Consultant’s Nightmare

True story, metaphorically speaking:

Client: Our customers expect us to meet them in San Francisco to run a in person workshop with all of us in a week.

Me: Great. I looked and found a great cheap flight for all of us. Let’s work on what gear to bring and get there one day before to setup.

Their Developer: Wait, I have never been on an airplane.

Me: Really? It will be fun to fly for the first time. I can pick you up at your house and show you around the airport.

Developer: No. I do not want to fly.

Me: Ok. I’ll rent a big SUV and let’s do a road trip. We can work on the presentation on the way.

Developer: No. I am riding my bicycle.

Me: Bicycling from Boston to San Francisco in one week? I don’t think we are that fit.

Developer: I haven’t ridden a bike since I was a kid.

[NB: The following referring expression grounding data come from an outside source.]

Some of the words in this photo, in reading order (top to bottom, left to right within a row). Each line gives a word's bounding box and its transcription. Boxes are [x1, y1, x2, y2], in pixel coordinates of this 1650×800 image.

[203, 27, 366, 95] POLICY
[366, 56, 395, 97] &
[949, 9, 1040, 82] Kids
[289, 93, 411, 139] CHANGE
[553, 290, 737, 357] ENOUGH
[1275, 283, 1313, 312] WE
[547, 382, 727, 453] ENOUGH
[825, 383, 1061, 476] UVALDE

But I see people riding bicycles all the time to work.

Me: Yes. Commuting to work is great, exercise and good for the environment.

Developer: See? Let’s go buy some bikes.

Me: Do you really want to tell your customers that you will be there in one week by
riding your bike from Boston to San Francisco?

Developer: …silience…

Me: Ok. I’ll rent a SUV. I’ll make sure it as a GPS. Let’s pack up and leave first thing tomorrow.

Developer: No. We need to buy maps.

Me: GPS is easier.

Developer: I have never seen a GPS. Can you explain how they work?

Me: Sure. There are satellites in the sky, and the GPS receiver takes multiple signals…. Wait. We
don’t have time for this. You can google it and read about it on the way.

Developer: I don’t trust GPS if I don’t know how it works.

Me: GPS has been around for a long time. I’ll let you play with it once we get started.

Developer: I want to get a GPS for my bicycle first to try. Maybe we can just mail them a picture
of us on our bicycles instead?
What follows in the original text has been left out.